1
votes

I have two streams left and right. For the same time window let's say that

  • the left stream contains the elements L1, L2 (the number is the key)
  • the right stream contains the elements R1, R3

I wonder how to implement a LEFT OUTER JOIN in Apache Flink so that the result obtained when processing this window is the following:

(L1, R1), (L2, null)

L1, R1 are matching by key (1), and L2, R3 do not match. L2 is included because is at left

1
This greatly depends on the specific usecase, but I can think of some methods to emulate this behaviour.

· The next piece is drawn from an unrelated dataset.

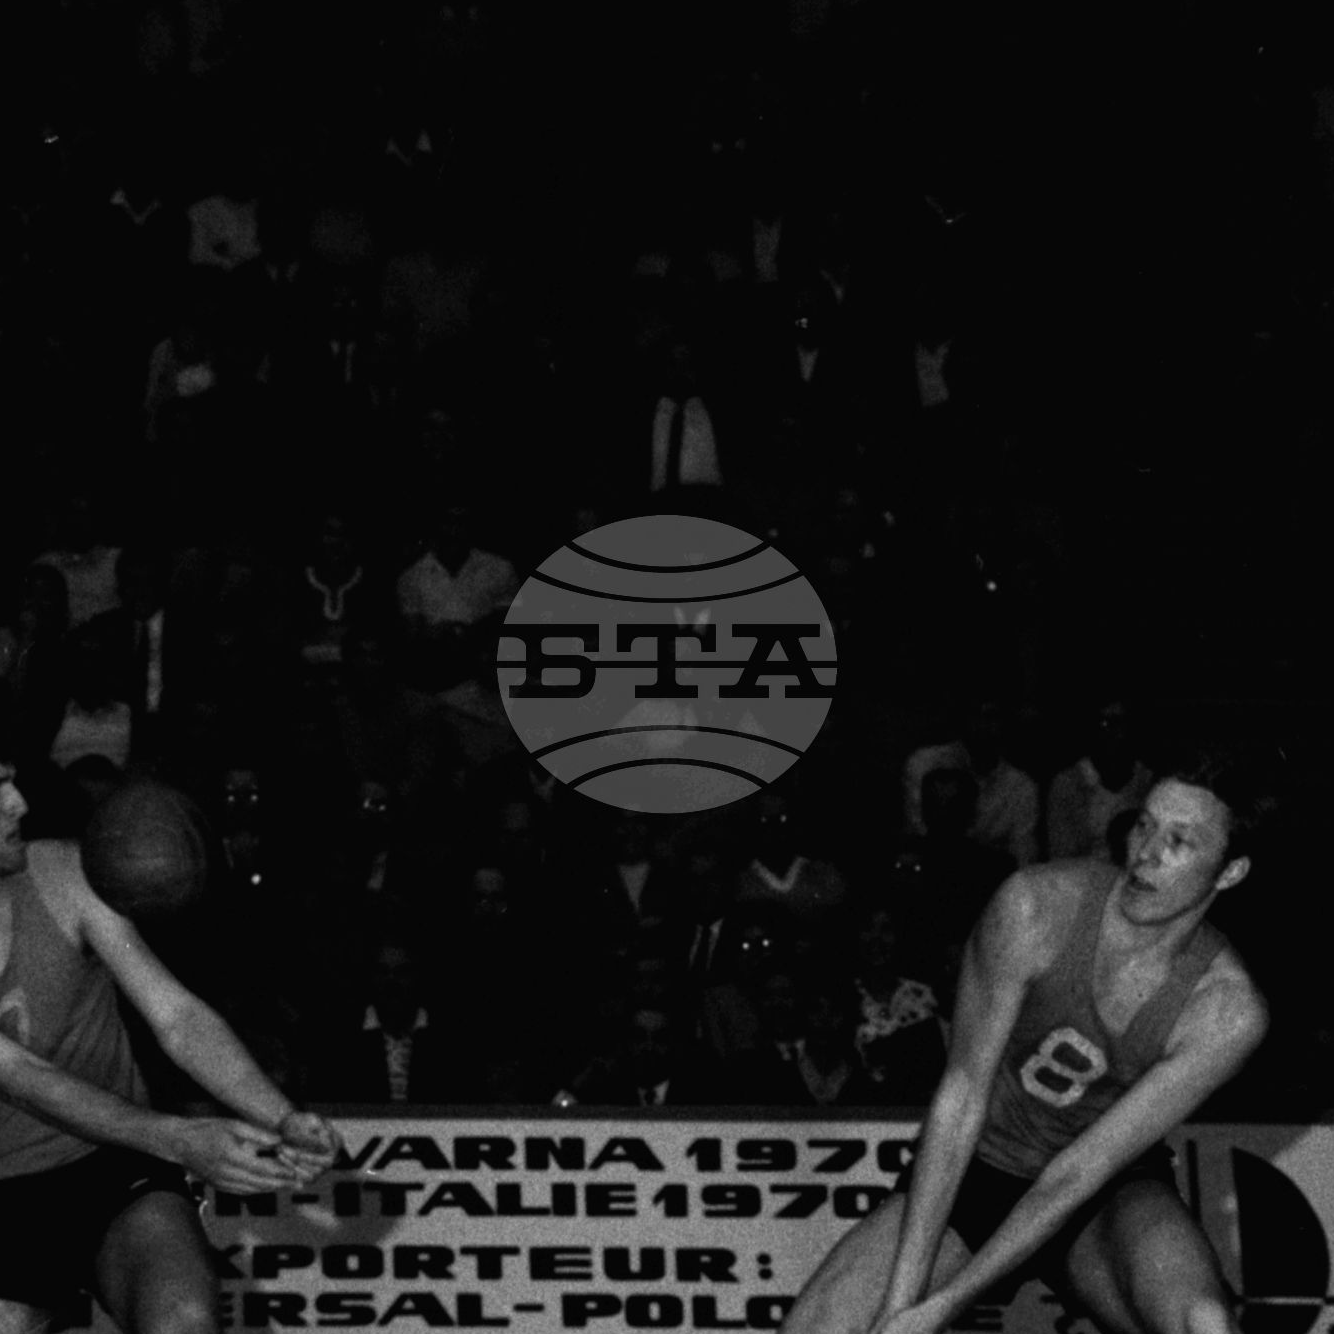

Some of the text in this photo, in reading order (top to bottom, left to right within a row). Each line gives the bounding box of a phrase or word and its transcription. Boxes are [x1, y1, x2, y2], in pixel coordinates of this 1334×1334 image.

[1020, 1026, 1108, 1108] 8
[333, 1137, 920, 1171] VARNA 1970
[653, 1183, 895, 1218] 1970

Could You tell what should happen in case if one stream is (L1, L1, L2, L3, L4) and the other (R1, R3, R3, R4, R5) ? Do You even consider duplicates or are You deduplicating the streams beforehand ?Dominik Wosiński
in my case key is a UUID, therefore I dont expect a duplicated key within the same windowjmhostalet

1 Answers

1
votes

Well, You should be able to obtain the proper results with the coGroup operator and properly implemented CoGroupFunction. The function gives You access to the whole group in the coGroup method. The documentation states that for CoGroupFunction one of the groups may be empty, so this should allow You to implement the Outer Join. The only issue is the fact that groups are currently created in memory, so You need to verify that Your groups won't grow too big as they can effectively kill the JVM.